Everett Golson expects to spend his time from now on in more productive ways. Notre Dame’s second-year starting quarterback believes a more efficient Fighting Irish offense will be the result in 2013.
Junior quarterback Everett Golson looks to add points and pounds in 2013.
Some wasted hours were the product of a learning curve last season, when explanations didn’t always sink in immediately for the Myrtle Beach, S.C., product, whose first college season resulted in a 12-1 record and an appearance in the BCS National Championship Game. Then there were chunks of lost time almost on a weekly basis just getting his body back in working condition.
Such is life for a quarterback willing and expected to put his body on the line in the read option attack. Golson was listed at 185 pounds last season, but he was likely 10 pounds lighter than that, especially by the end of the year. Putting on what Kelly called a “suit of armor” is something Golson could do spend more time on the practice field and less time on the training table.

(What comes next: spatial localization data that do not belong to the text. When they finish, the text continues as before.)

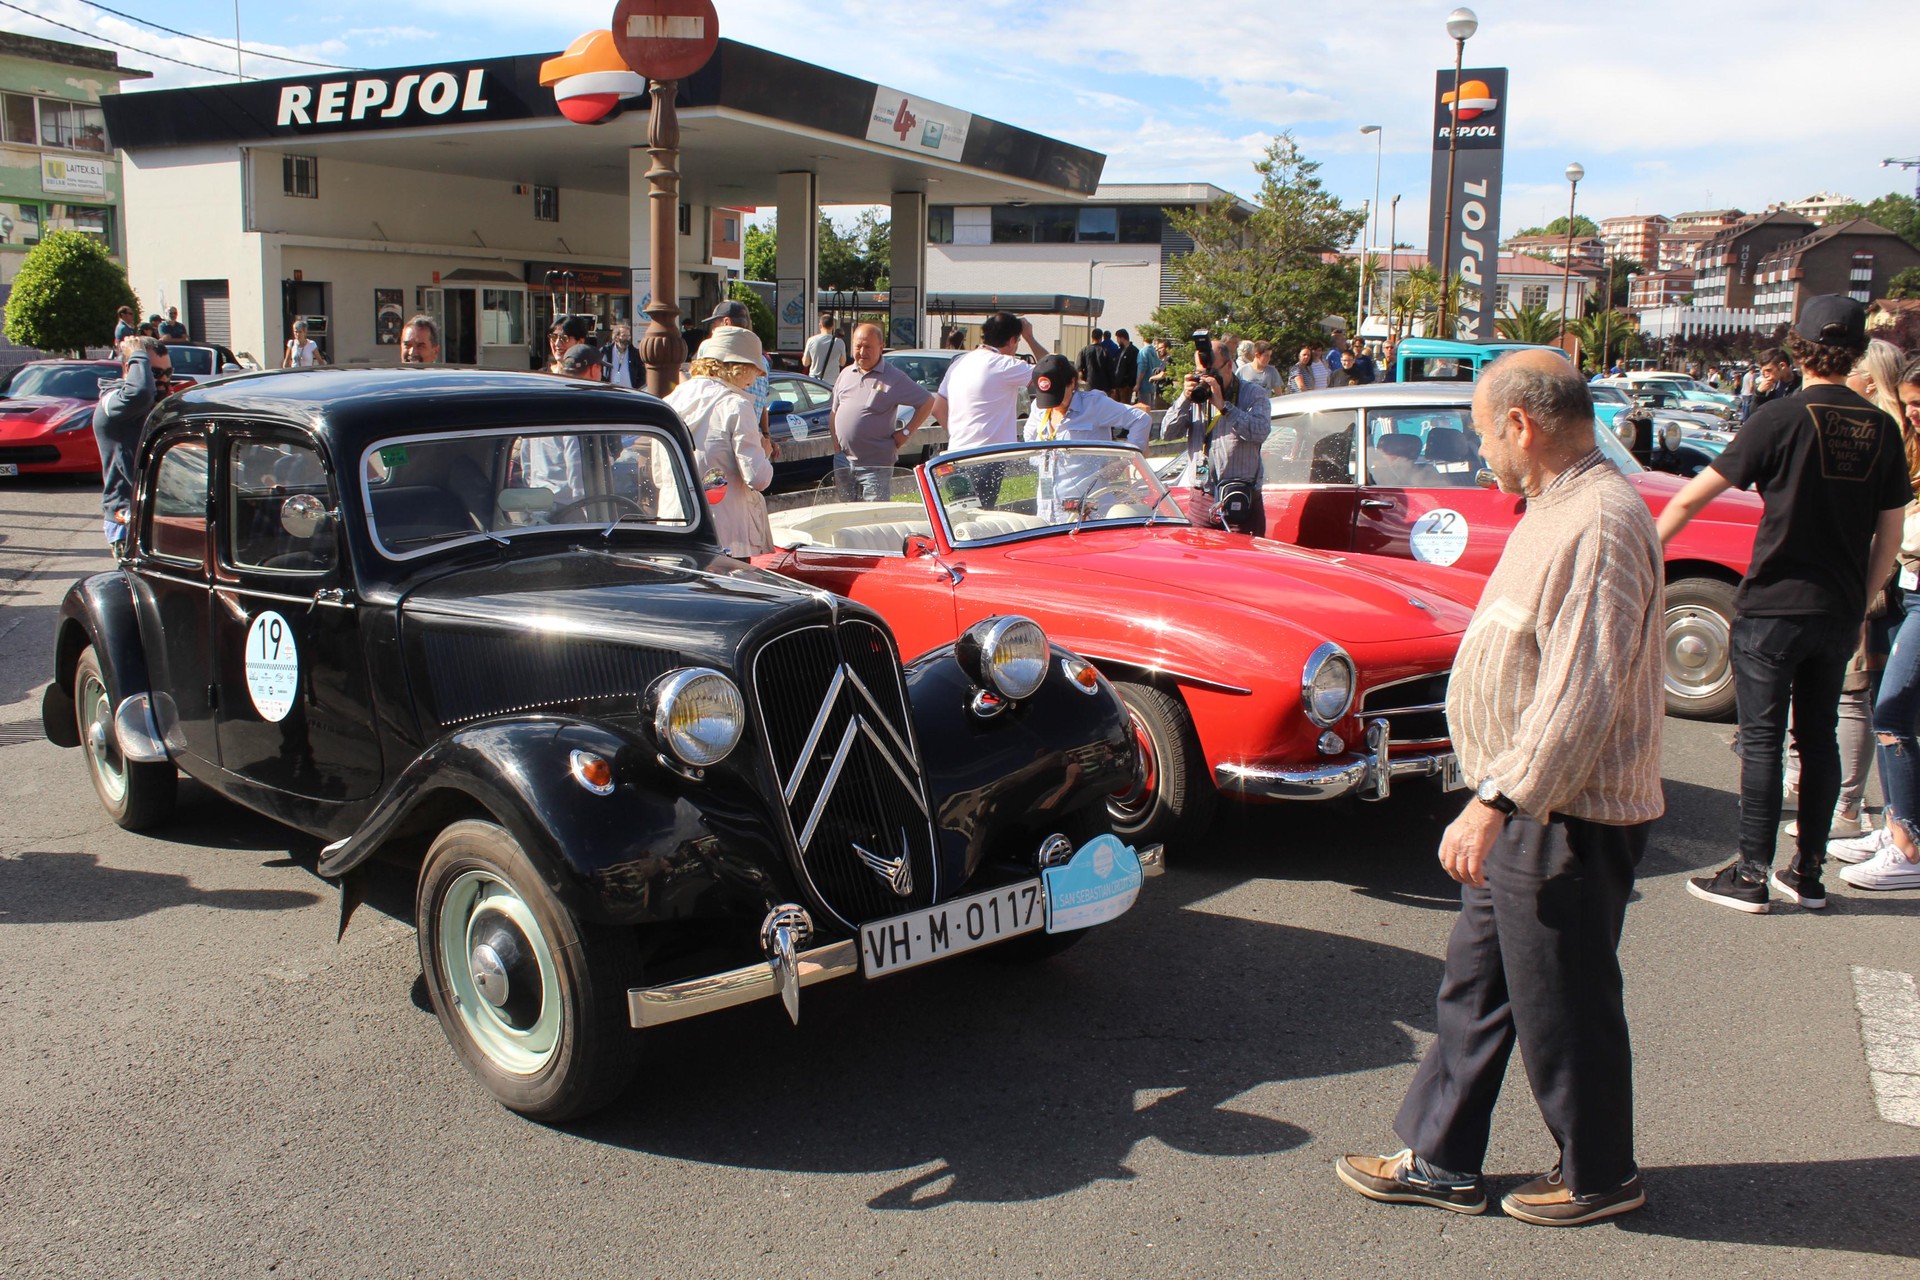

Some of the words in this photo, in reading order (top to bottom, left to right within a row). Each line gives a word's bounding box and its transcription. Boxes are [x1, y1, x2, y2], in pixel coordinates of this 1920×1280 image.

[277, 69, 488, 126] REPSOL
[1740, 244, 1750, 284] HOTEL
[1828, 438, 1872, 450] QUALITY
[1426, 512, 1456, 534] 22
[259, 618, 282, 660] 19
[1076, 885, 1111, 903] SEBASTIAN

“I definitely feel the difference,” said Golson, who used the two months after the title game to beef up to a listed 186 pounds. “I feel a little better. I think it’s a thing of me being more durable. If you ask me, I’m good at 175; that’s the mentality I have. Being that I’m trying to get up to 195, I’m more durable and I can take hits that I can just kind of bounce back from.”
His junior campaign is about a more robust offense as well.

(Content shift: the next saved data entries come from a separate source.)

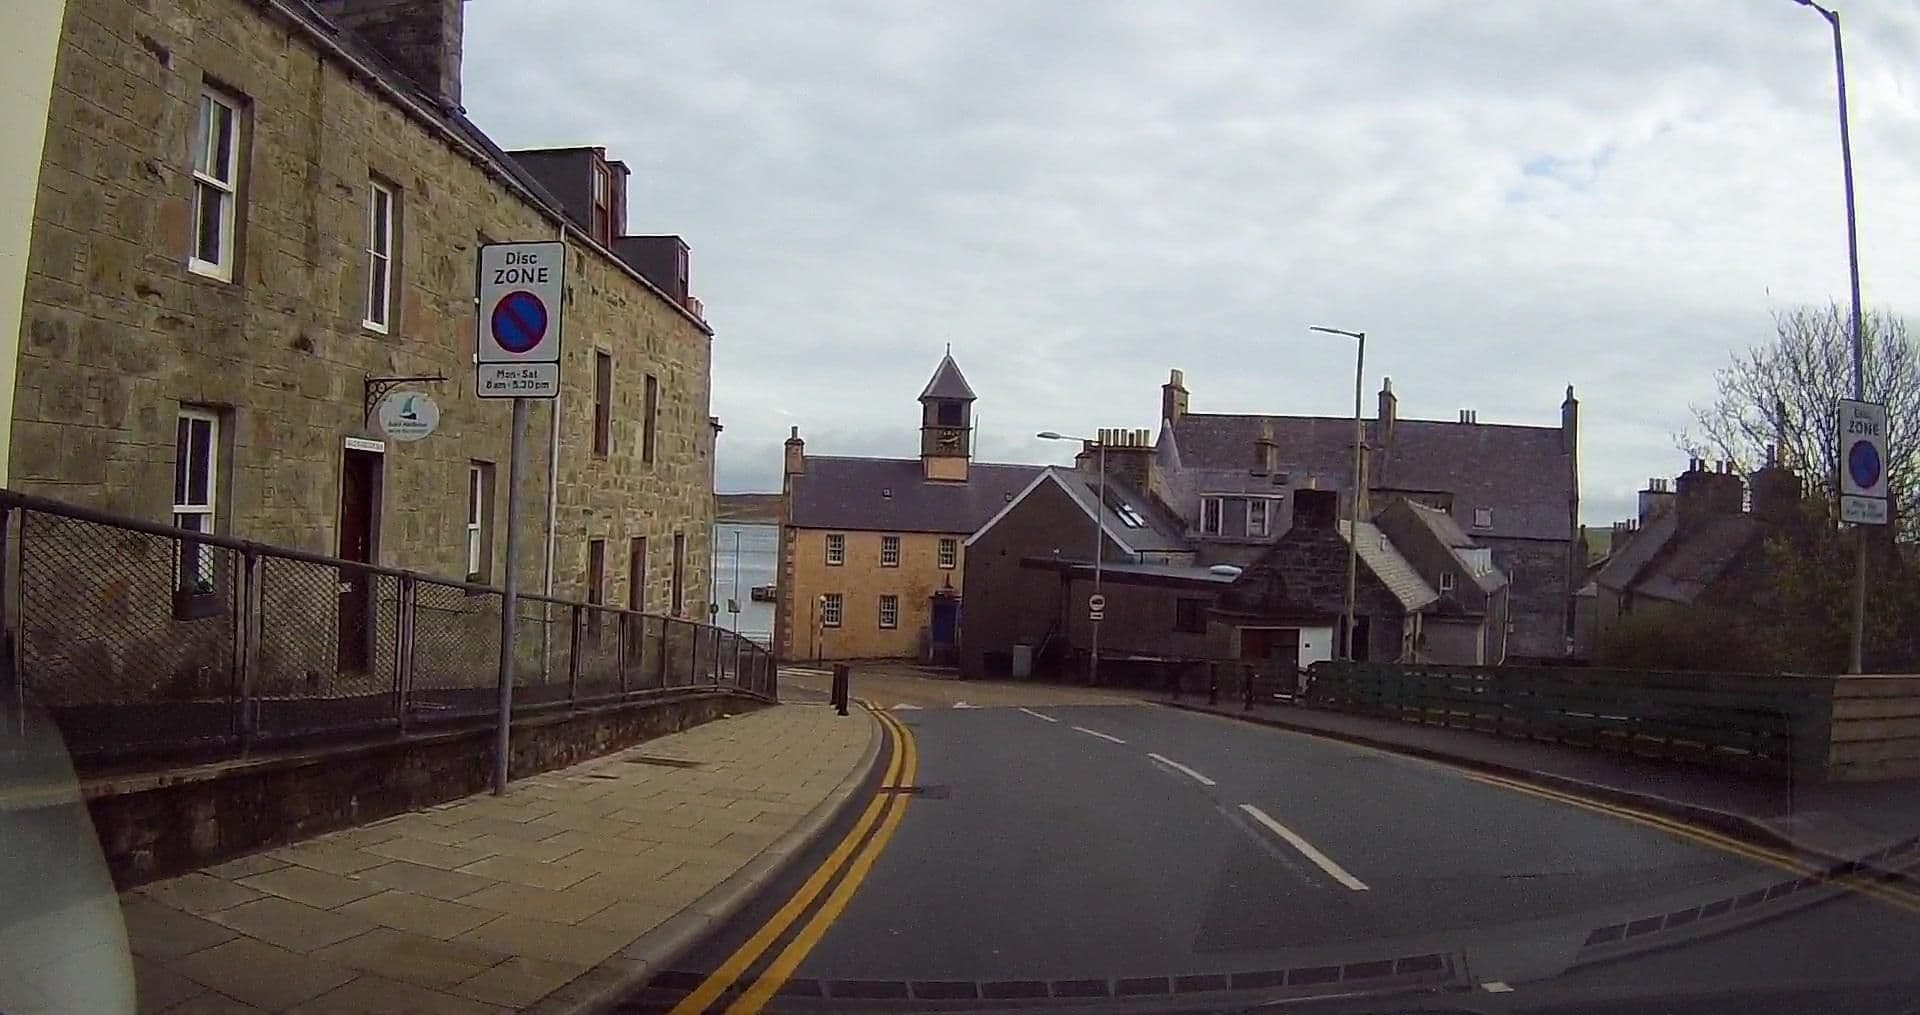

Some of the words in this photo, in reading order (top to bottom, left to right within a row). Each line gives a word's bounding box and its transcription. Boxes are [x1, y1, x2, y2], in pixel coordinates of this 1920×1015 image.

[505, 252, 538, 265] Disc
[494, 267, 549, 285] ZONE
[1848, 420, 1880, 436] ZONE
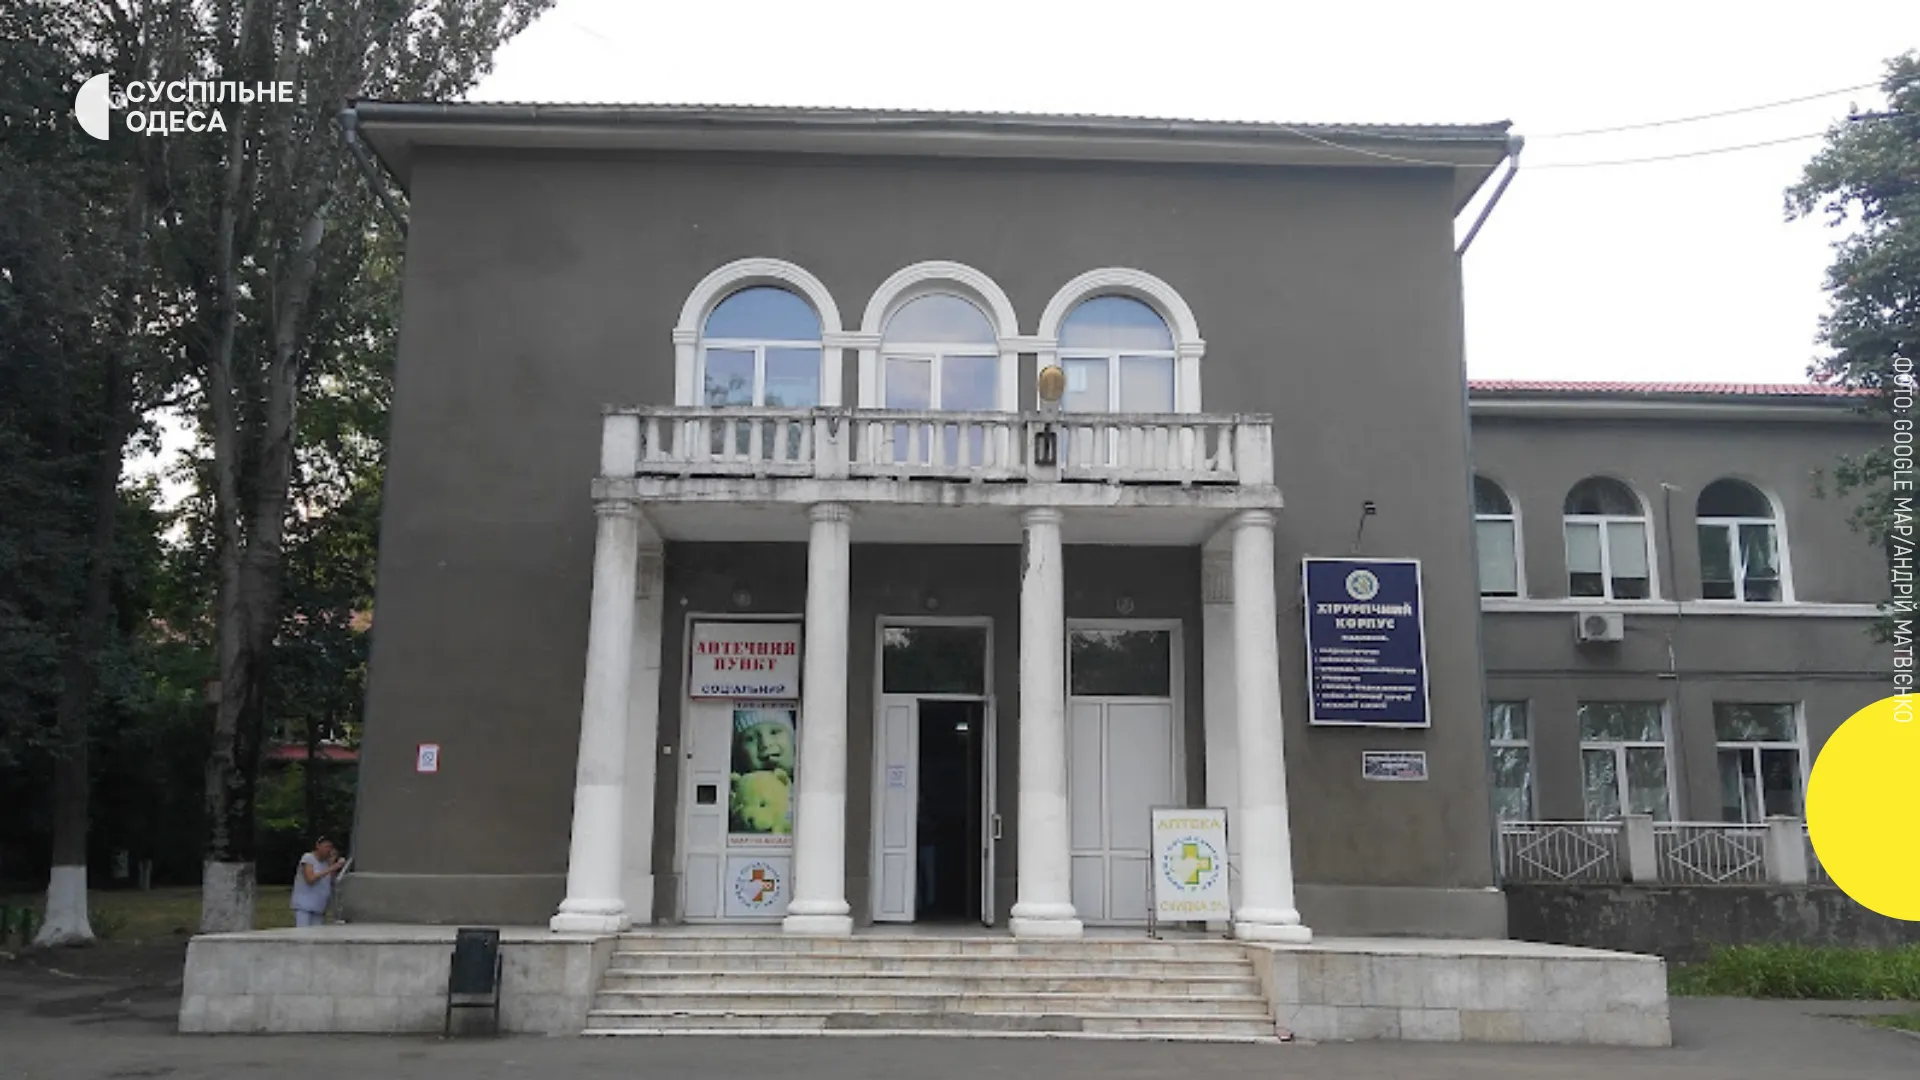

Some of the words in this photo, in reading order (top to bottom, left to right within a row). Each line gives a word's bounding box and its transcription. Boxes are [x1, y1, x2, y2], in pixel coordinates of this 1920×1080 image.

[1316, 602, 1412, 616] ХІРУРГІЧНИЙ
[1335, 617, 1395, 629] КОРПУС
[714, 657, 777, 671] ПУНКТ
[1157, 818, 1221, 830] АПТЕКА

Golson completed 58.8 percent of his passes last year for 2,405 yards with 12 touchdowns and six interceptions. He rushed for 298 yards and a team-high six touchdowns. The Irish outgained each opponent by an average of nearly 107 yards, but scored touchdowns just 48 percent of the time on 60 trips to the red zone.
A program that relied on a dominant defense last fall looks to balance things out in 2013.

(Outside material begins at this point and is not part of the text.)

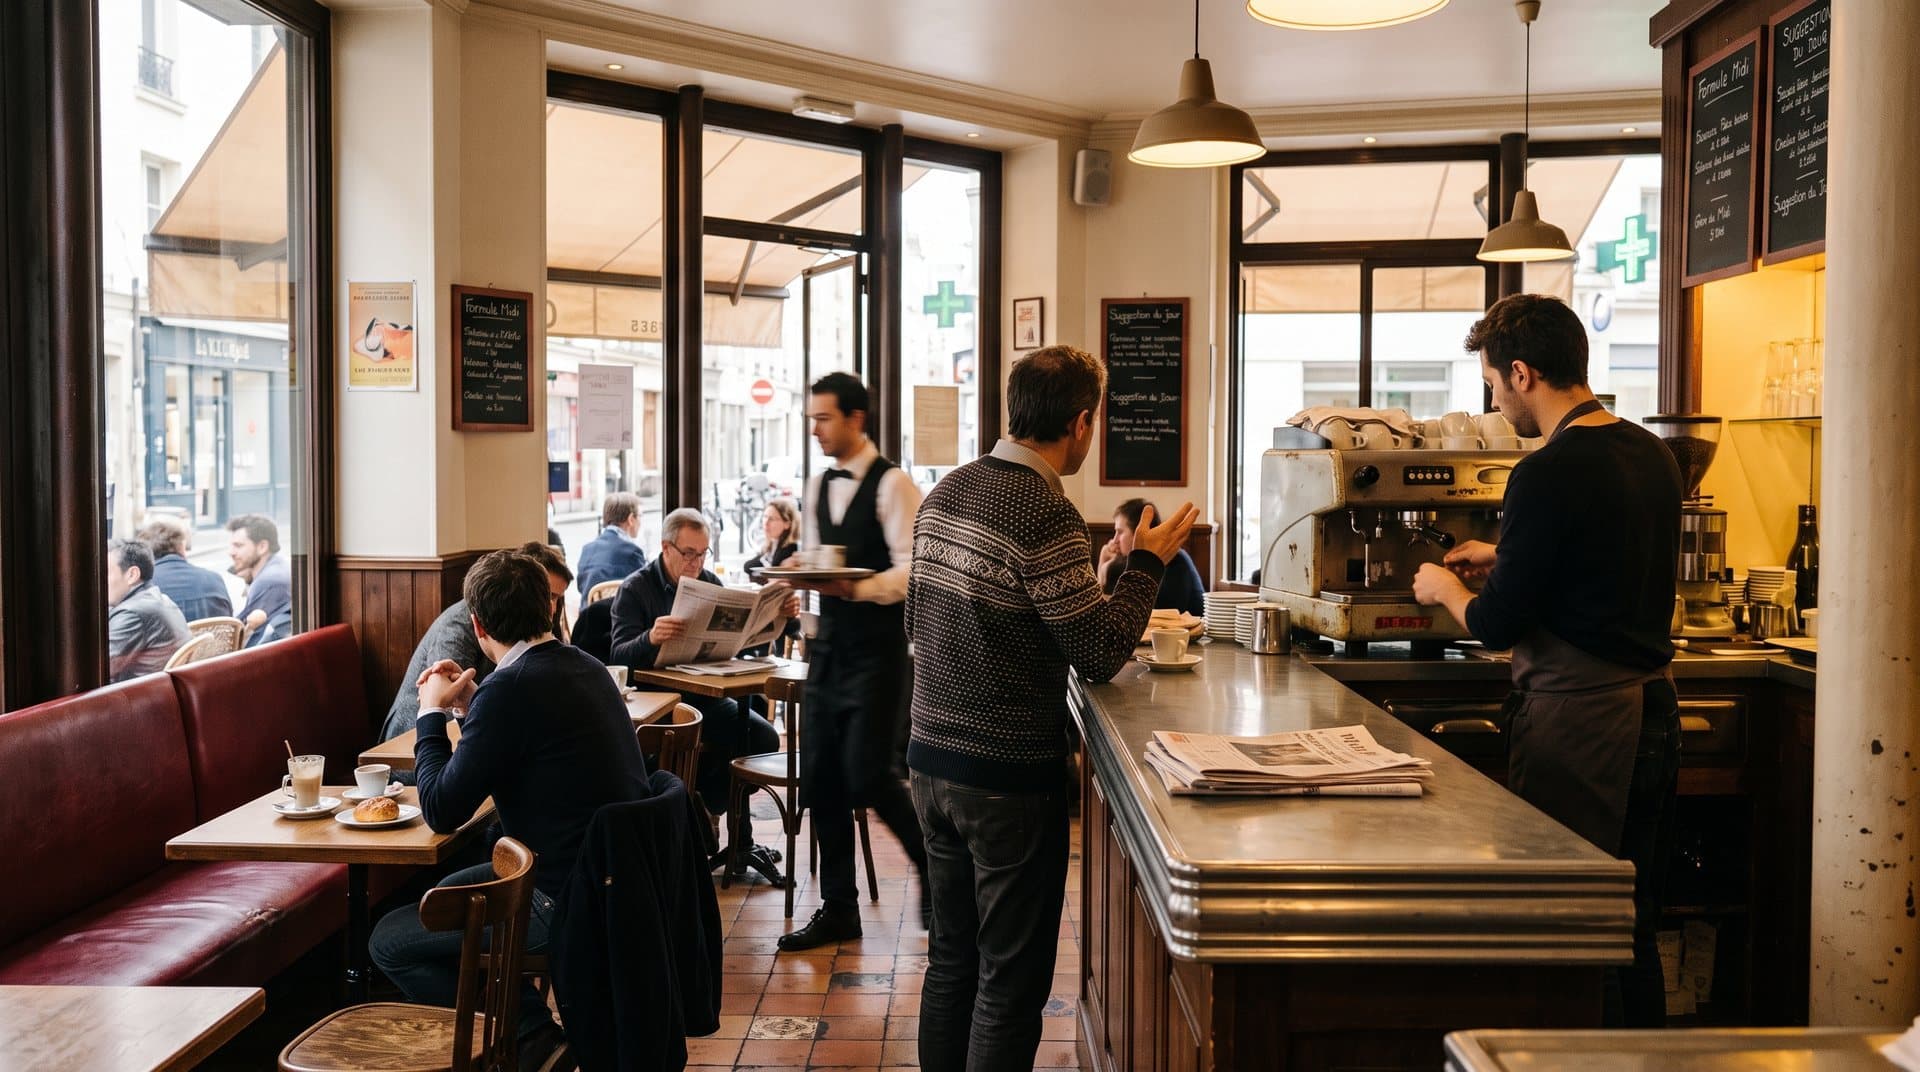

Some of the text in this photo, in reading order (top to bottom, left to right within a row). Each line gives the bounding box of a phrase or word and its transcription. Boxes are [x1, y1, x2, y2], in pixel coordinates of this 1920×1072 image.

[1698, 56, 1750, 100] Formule Midi
[465, 298, 520, 317] Formule Midi
[1109, 308, 1181, 325] Suggestion du jour

“I think for me personally, it’s more on us because I expect more from us. In 2012 we didn’t really leave our mark,” Golson said. “You kind of blame it on excuses like it’s our first year going through it. But at the end of the day, we didn’t do our job. That’s definitely an emphasis for me personally to make this offense better and have a better season.”
And how exactly does Golson define his job?
“Putting up points, as simple as that,” he said. “Whichever way you can. Just being dominant on the offensive side of the ball. Everybody understanding what they’re doing, and not only that, but why we’re doing it.”
The strides Golson's made from last spring to this spring are enormous, Kelly said. With that progression comes other issues.
"Strong command of our offense," Kelly said Saturday. "I think where we’re at with him is we have to now begin to pull back a little bit. He wants to do a little too much. He knows his toolbox very well. He didn’t know anything relative to what he had for tools last year in terms of what he can do with the offense.
"Now he wants to maybe do a little bit too much. We’re at a totally different point in his development. I think what stands out the most for me though is his command. His communication and command and his leadership has been evident as we started spring ball."